» Task details:
Line by line, transcribe the material shown below exactly.

——

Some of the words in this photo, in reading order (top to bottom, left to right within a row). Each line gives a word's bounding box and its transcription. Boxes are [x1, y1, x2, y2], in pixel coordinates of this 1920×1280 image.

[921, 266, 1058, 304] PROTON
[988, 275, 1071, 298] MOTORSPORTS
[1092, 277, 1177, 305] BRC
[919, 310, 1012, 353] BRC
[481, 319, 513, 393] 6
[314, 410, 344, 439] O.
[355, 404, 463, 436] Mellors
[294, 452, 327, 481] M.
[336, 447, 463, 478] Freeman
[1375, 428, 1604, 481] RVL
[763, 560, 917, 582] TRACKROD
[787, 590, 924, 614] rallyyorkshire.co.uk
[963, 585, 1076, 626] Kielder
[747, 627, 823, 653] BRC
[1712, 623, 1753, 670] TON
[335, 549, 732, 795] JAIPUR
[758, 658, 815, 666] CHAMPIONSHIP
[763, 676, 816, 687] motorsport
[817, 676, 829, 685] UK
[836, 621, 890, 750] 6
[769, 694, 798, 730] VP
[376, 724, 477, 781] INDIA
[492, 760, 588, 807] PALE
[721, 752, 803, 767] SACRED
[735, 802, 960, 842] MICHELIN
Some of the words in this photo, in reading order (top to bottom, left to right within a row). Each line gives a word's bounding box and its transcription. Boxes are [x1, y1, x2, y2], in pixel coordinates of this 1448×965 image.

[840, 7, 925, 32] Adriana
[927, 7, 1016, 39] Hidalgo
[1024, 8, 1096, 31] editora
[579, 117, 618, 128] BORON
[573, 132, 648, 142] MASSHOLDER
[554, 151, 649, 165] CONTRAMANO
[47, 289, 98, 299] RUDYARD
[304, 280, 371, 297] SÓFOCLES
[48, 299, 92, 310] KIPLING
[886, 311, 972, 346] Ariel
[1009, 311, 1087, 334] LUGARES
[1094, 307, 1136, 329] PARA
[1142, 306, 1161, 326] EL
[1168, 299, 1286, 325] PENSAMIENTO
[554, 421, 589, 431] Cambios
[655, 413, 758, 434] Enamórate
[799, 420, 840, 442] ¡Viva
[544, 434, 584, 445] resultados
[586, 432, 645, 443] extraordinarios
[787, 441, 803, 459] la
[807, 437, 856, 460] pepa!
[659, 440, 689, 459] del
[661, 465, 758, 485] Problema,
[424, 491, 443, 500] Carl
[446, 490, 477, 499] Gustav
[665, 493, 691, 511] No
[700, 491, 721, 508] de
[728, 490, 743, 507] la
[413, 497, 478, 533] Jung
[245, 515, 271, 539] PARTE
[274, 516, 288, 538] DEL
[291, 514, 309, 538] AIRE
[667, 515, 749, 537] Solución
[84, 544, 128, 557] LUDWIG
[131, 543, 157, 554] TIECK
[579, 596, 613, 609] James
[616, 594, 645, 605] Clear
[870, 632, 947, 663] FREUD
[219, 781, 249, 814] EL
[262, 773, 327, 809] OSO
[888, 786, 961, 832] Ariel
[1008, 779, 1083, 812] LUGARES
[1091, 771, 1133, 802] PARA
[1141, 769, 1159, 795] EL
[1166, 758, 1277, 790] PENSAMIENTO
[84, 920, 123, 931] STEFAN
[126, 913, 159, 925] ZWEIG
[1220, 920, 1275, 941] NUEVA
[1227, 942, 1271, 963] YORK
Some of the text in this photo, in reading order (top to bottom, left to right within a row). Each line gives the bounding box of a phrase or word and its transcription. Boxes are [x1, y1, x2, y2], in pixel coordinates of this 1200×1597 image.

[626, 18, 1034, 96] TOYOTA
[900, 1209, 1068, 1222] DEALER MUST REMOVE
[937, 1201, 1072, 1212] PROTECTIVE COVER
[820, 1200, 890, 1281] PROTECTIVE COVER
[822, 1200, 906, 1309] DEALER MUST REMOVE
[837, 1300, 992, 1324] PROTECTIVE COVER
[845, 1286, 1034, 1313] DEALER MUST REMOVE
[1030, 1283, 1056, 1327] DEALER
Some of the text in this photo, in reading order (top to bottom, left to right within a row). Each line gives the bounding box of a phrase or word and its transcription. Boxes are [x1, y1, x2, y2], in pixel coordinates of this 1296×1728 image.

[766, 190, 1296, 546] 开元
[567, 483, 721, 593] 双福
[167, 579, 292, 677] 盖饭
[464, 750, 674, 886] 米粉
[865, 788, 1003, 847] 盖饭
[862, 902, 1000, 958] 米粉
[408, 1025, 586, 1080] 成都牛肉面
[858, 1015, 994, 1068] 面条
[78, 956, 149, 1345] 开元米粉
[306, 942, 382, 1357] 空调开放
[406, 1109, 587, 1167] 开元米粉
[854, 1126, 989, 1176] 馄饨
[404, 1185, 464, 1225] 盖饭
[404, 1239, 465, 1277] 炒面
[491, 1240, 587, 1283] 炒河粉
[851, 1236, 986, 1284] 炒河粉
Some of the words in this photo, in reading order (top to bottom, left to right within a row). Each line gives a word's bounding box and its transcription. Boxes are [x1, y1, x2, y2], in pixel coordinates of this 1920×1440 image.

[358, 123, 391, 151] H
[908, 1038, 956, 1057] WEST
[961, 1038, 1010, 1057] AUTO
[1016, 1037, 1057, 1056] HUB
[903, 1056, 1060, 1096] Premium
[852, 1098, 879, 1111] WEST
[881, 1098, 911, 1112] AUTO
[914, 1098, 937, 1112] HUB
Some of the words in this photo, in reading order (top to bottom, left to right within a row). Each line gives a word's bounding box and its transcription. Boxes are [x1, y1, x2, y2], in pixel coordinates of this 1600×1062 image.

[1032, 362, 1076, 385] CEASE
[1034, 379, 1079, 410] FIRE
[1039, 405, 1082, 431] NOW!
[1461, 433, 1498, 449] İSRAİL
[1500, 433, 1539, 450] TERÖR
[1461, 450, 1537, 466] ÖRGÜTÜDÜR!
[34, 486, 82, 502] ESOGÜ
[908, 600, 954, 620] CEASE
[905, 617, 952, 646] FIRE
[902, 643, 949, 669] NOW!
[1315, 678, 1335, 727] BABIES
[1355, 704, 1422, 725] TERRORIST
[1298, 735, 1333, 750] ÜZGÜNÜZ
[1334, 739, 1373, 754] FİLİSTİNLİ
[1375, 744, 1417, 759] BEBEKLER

——

» Output for this exercise:
Some of the words in this photo, in reading order (top to bottom, left to right within a row). Each line gives a word's bounding box and its transcription. Boxes are [x1, y1, x2, y2], in pixel coordinates of this 1920×1280 image.

[921, 266, 1058, 304] PROTON
[988, 275, 1071, 298] MOTORSPORTS
[1092, 277, 1177, 305] BRC
[919, 310, 1012, 353] BRC
[481, 319, 513, 393] 6
[314, 410, 344, 439] O.
[355, 404, 463, 436] Mellors
[294, 452, 327, 481] M.
[336, 447, 463, 478] Freeman
[1375, 428, 1604, 481] RVL
[763, 560, 917, 582] TRACKROD
[787, 590, 924, 614] rallyyorkshire.co.uk
[963, 585, 1076, 626] Kielder
[747, 627, 823, 653] BRC
[1712, 623, 1753, 670] TON
[335, 549, 732, 795] JAIPUR
[758, 658, 815, 666] CHAMPIONSHIP
[763, 676, 816, 687] motorsport
[817, 676, 829, 685] UK
[836, 621, 890, 750] 6
[769, 694, 798, 730] VP
[376, 724, 477, 781] INDIA
[492, 760, 588, 807] PALE
[721, 752, 803, 767] SACRED
[735, 802, 960, 842] MICHELIN
Some of the words in this photo, in reading order (top to bottom, left to right within a row). Each line gives a word's bounding box and its transcription. Boxes are [x1, y1, x2, y2], in pixel coordinates of this 1448×965 image.

[840, 7, 925, 32] Adriana
[927, 7, 1016, 39] Hidalgo
[1024, 8, 1096, 31] editora
[579, 117, 618, 128] BORON
[573, 132, 648, 142] MASSHOLDER
[554, 151, 649, 165] CONTRAMANO
[47, 289, 98, 299] RUDYARD
[304, 280, 371, 297] SÓFOCLES
[48, 299, 92, 310] KIPLING
[886, 311, 972, 346] Ariel
[1009, 311, 1087, 334] LUGARES
[1094, 307, 1136, 329] PARA
[1142, 306, 1161, 326] EL
[1168, 299, 1286, 325] PENSAMIENTO
[554, 421, 589, 431] Cambios
[655, 413, 758, 434] Enamórate
[799, 420, 840, 442] ¡Viva
[544, 434, 584, 445] resultados
[586, 432, 645, 443] extraordinarios
[787, 441, 803, 459] la
[807, 437, 856, 460] pepa!
[659, 440, 689, 459] del
[661, 465, 758, 485] Problema,
[424, 491, 443, 500] Carl
[446, 490, 477, 499] Gustav
[665, 493, 691, 511] No
[700, 491, 721, 508] de
[728, 490, 743, 507] la
[413, 497, 478, 533] Jung
[245, 515, 271, 539] PARTE
[274, 516, 288, 538] DEL
[291, 514, 309, 538] AIRE
[667, 515, 749, 537] Solución
[84, 544, 128, 557] LUDWIG
[131, 543, 157, 554] TIECK
[579, 596, 613, 609] James
[616, 594, 645, 605] Clear
[870, 632, 947, 663] FREUD
[219, 781, 249, 814] EL
[262, 773, 327, 809] OSO
[888, 786, 961, 832] Ariel
[1008, 779, 1083, 812] LUGARES
[1091, 771, 1133, 802] PARA
[1141, 769, 1159, 795] EL
[1166, 758, 1277, 790] PENSAMIENTO
[84, 920, 123, 931] STEFAN
[126, 913, 159, 925] ZWEIG
[1220, 920, 1275, 941] NUEVA
[1227, 942, 1271, 963] YORK
Some of the text in this photo, in reading order (top to bottom, left to right within a row). Each line gives the bounding box of a phrase or word and its transcription. Boxes are [x1, y1, x2, y2], in pixel coordinates of this 1200×1597 image.

[626, 18, 1034, 96] TOYOTA
[900, 1209, 1068, 1222] DEALER MUST REMOVE
[937, 1201, 1072, 1212] PROTECTIVE COVER
[820, 1200, 890, 1281] PROTECTIVE COVER
[822, 1200, 906, 1309] DEALER MUST REMOVE
[837, 1300, 992, 1324] PROTECTIVE COVER
[845, 1286, 1034, 1313] DEALER MUST REMOVE
[1030, 1283, 1056, 1327] DEALER
Some of the text in this photo, in reading order (top to bottom, left to right within a row). Each line gives the bounding box of a phrase or word and its transcription. Boxes are [x1, y1, x2, y2], in pixel coordinates of this 1296×1728 image.

[766, 190, 1296, 546] 开元
[567, 483, 721, 593] 双福
[167, 579, 292, 677] 盖饭
[464, 750, 674, 886] 米粉
[865, 788, 1003, 847] 盖饭
[862, 902, 1000, 958] 米粉
[408, 1025, 586, 1080] 成都牛肉面
[858, 1015, 994, 1068] 面条
[78, 956, 149, 1345] 开元米粉
[306, 942, 382, 1357] 空调开放
[406, 1109, 587, 1167] 开元米粉
[854, 1126, 989, 1176] 馄饨
[404, 1185, 464, 1225] 盖饭
[404, 1239, 465, 1277] 炒面
[491, 1240, 587, 1283] 炒河粉
[851, 1236, 986, 1284] 炒河粉
Some of the words in this photo, in reading order (top to bottom, left to right within a row). Each line gives a word's bounding box and its transcription. Boxes are [x1, y1, x2, y2], in pixel coordinates of this 1920×1440 image.

[358, 123, 391, 151] H
[908, 1038, 956, 1057] WEST
[961, 1038, 1010, 1057] AUTO
[1016, 1037, 1057, 1056] HUB
[903, 1056, 1060, 1096] Premium
[852, 1098, 879, 1111] WEST
[881, 1098, 911, 1112] AUTO
[914, 1098, 937, 1112] HUB
Some of the words in this photo, in reading order (top to bottom, left to right within a row). Each line gives a word's bounding box and its transcription. Boxes are [x1, y1, x2, y2], in pixel coordinates of this 1600×1062 image.

[1032, 362, 1076, 385] CEASE
[1034, 379, 1079, 410] FIRE
[1039, 405, 1082, 431] NOW!
[1461, 433, 1498, 449] İSRAİL
[1500, 433, 1539, 450] TERÖR
[1461, 450, 1537, 466] ÖRGÜTÜDÜR!
[34, 486, 82, 502] ESOGÜ
[908, 600, 954, 620] CEASE
[905, 617, 952, 646] FIRE
[902, 643, 949, 669] NOW!
[1315, 678, 1335, 727] BABIES
[1355, 704, 1422, 725] TERRORIST
[1298, 735, 1333, 750] ÜZGÜNÜZ
[1334, 739, 1373, 754] FİLİSTİNLİ
[1375, 744, 1417, 759] BEBEKLER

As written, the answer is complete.